There’s a New King of Chatbots, and It’s Not ChatGPT
If you ask the general public which AI model is the best, chances are most people will answer ChatGPT. While there will be many players on the scene in 2024, LLM OpenAI is the one that has truly broken through and introduced powerful generative AI to the masses. And be that as it may, ChatGPT’s large language model (LLM), GPT, has consistently been a leader among its peers, from the advent of GPT-3.5 to GPT-4 and currently GPT-4 Turbo.
But that appears to be changing: this week, Claude 3 Opus , Anthropic’s LLM, beat GPT-4 for the first time in Chatbot Arena , prompting app developer Nick Dobos to declare, ” The King is Dead .” If you check the leaderboard as of this writing, Claude still has an edge over GPT: Claude 3 Opus has an Arena Elo rating of 1253, and GPT-4-1106-preview has a rating of 1251, followed by GPT. -4-0125-preview, with a rating of 1248.
Regardless, Chatbot Arena puts all three of these LLMs in first place, but Claude 3 Opus has a slight edge.
Anthropic’s other LLMs are also performing well. Claude 3 Sonnet ranks fifth on the list, just below Google’s Gemini Pro (both rank fourth), and Claude 3 Haiku, Anthropic’s lower-end LLM for efficient processing, ranks just below GPT-4’s 0613 but just below 0613 GPT-4. higher than version 0613 GPT-4.

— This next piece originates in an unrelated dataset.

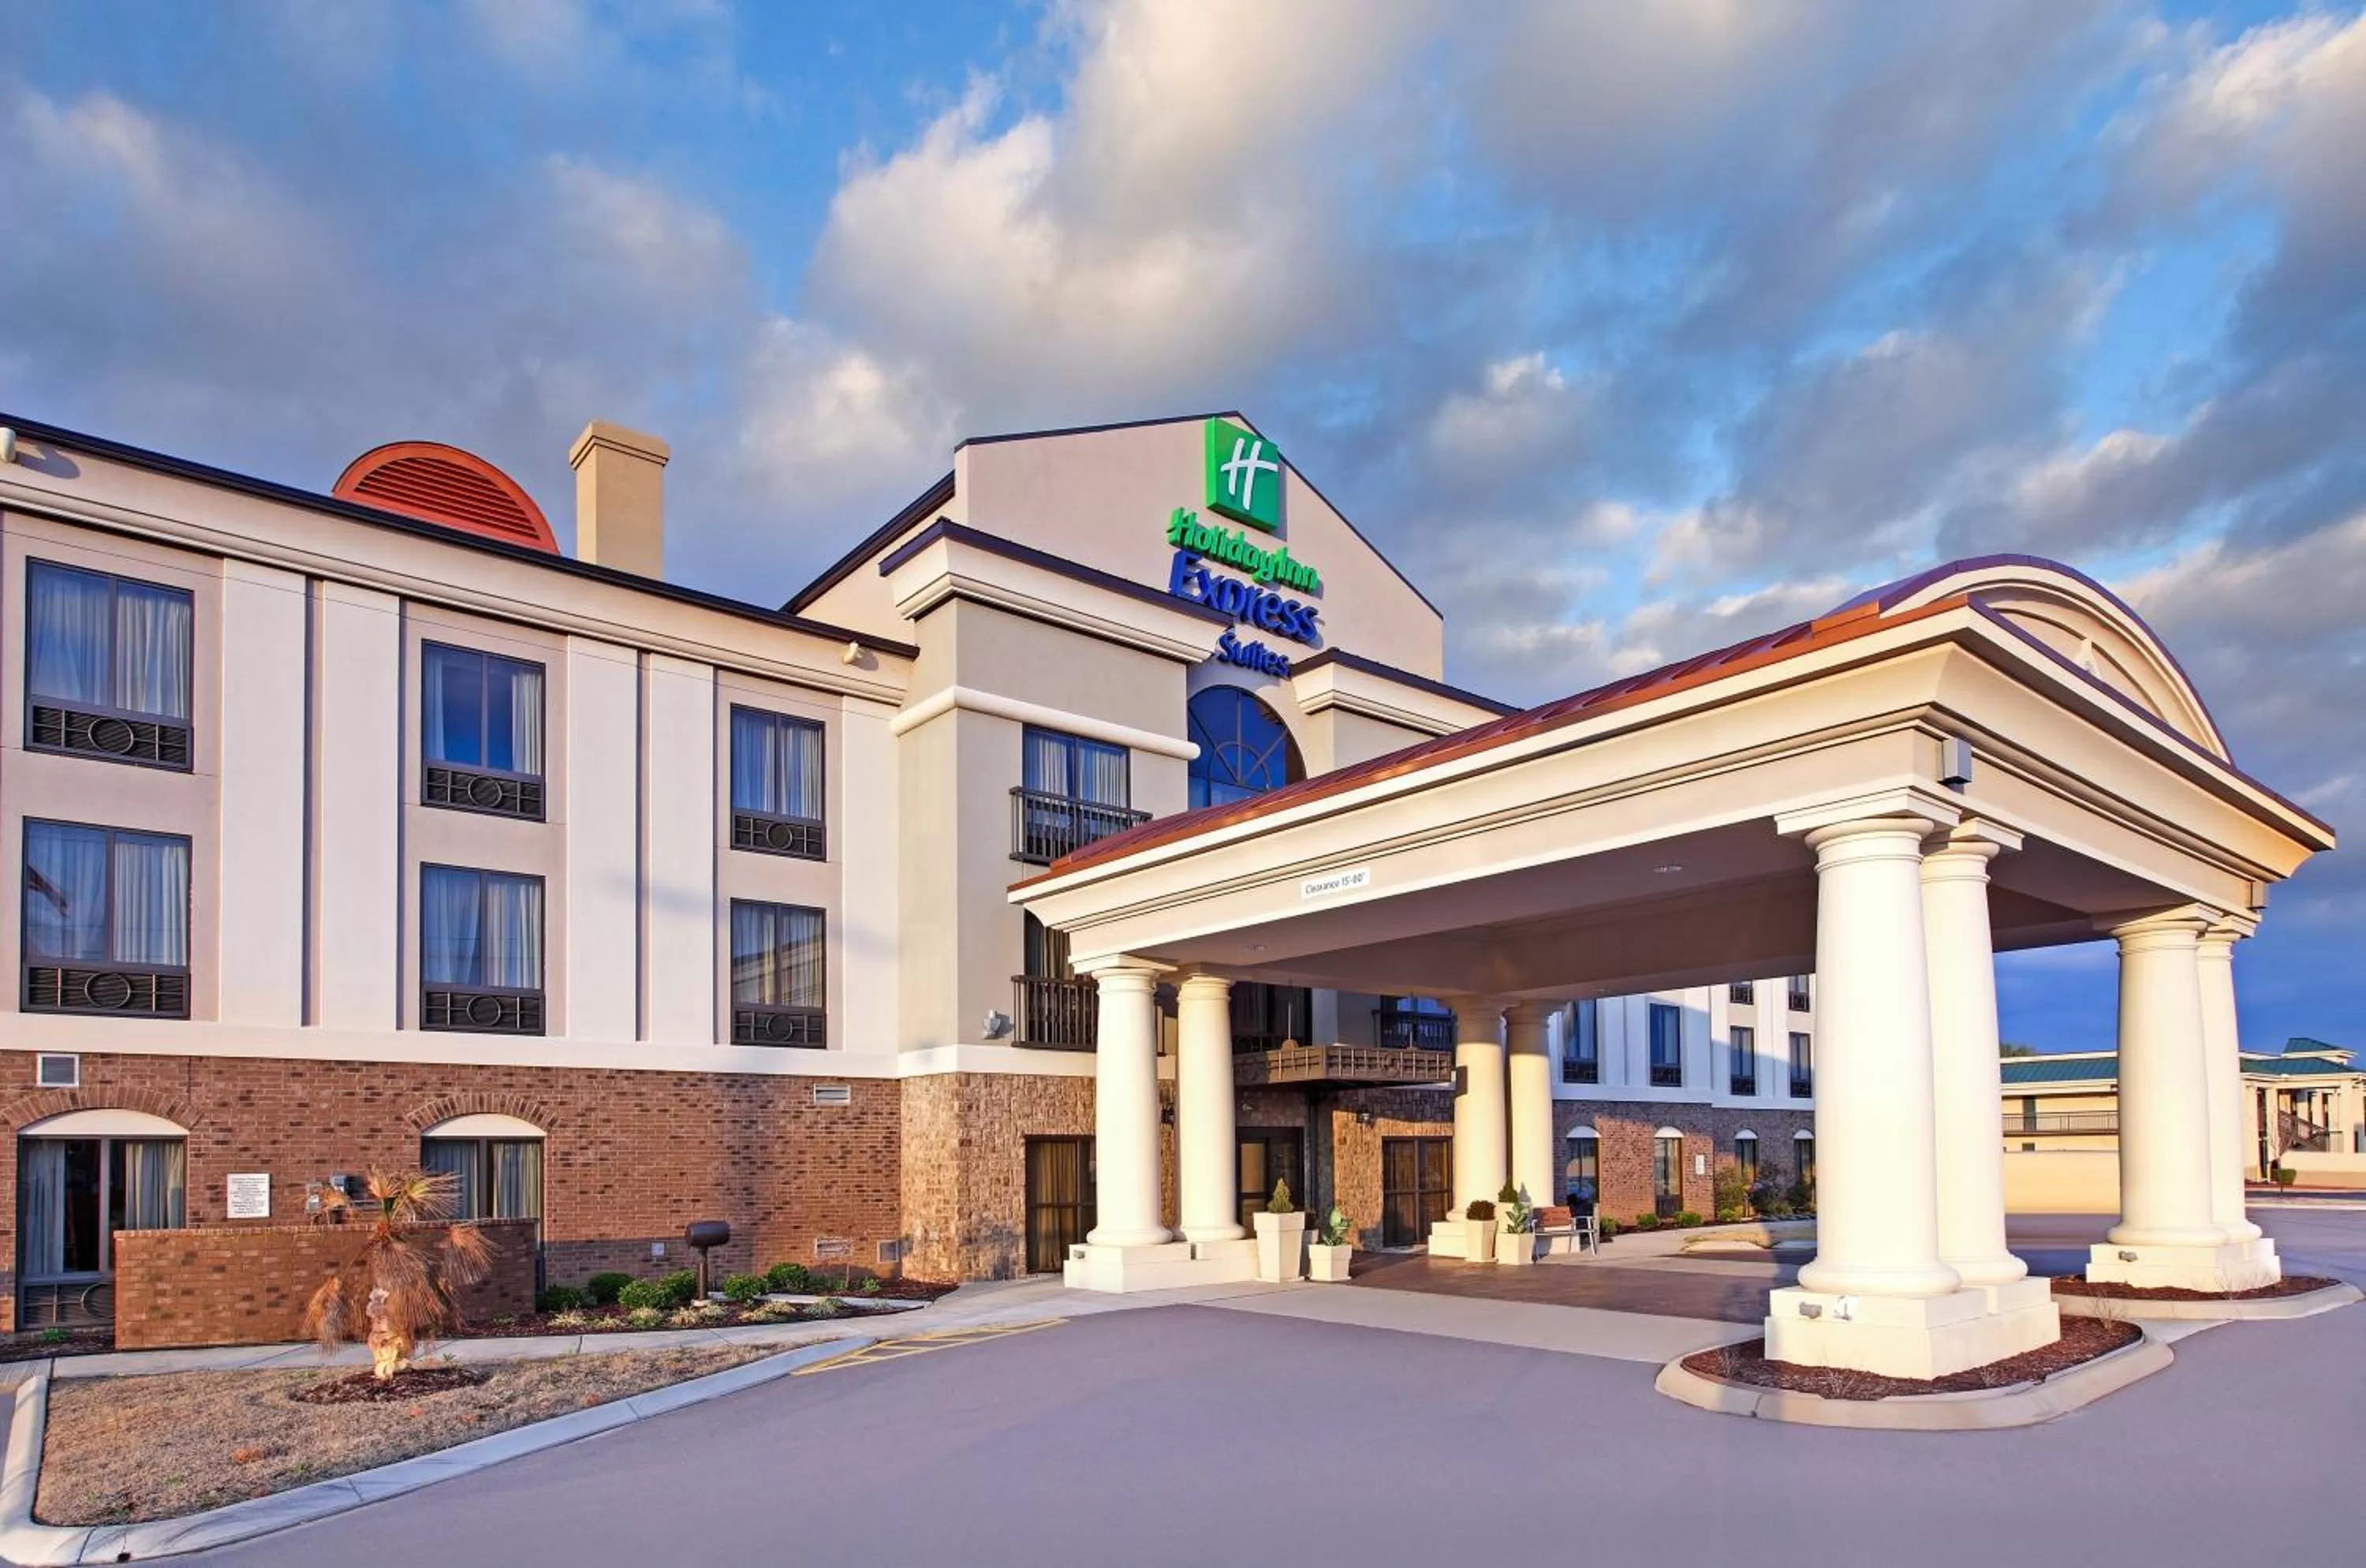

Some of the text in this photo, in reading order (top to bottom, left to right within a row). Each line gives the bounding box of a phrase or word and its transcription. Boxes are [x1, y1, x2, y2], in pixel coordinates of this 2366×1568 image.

[1167, 507, 1320, 591] Holiday Inn
[1170, 547, 1319, 642] Express
[1217, 631, 1290, 677] Suites

How Chatbot Arena evaluates LLMs
To rank the different LLMs currently available, Chatbot Arena asks users to enter a prompt and rate how two different, unnamed models would respond. Users can continue to chat to evaluate the differences between the two until they decide which model they think performs better. Users don’t know which models they’re comparing (you can compare Claude to ChatGPT, Gemini to Meta’s Llama, etc.), eliminating any bias associated with brand preference.
However, unlike other types of benchmarking, there is no true criterion by which users can evaluate their anonymous models. Users can simply decide for themselves which LLM works best based on the metrics they care about. As artificial intelligence researcher Simon Willison told Ars Technica , much of what makes LLM perform better in the eyes of users has more to do with “vibes” than anything else. If you like the way Claude answers better than ChatGPT, that’s all that really matters.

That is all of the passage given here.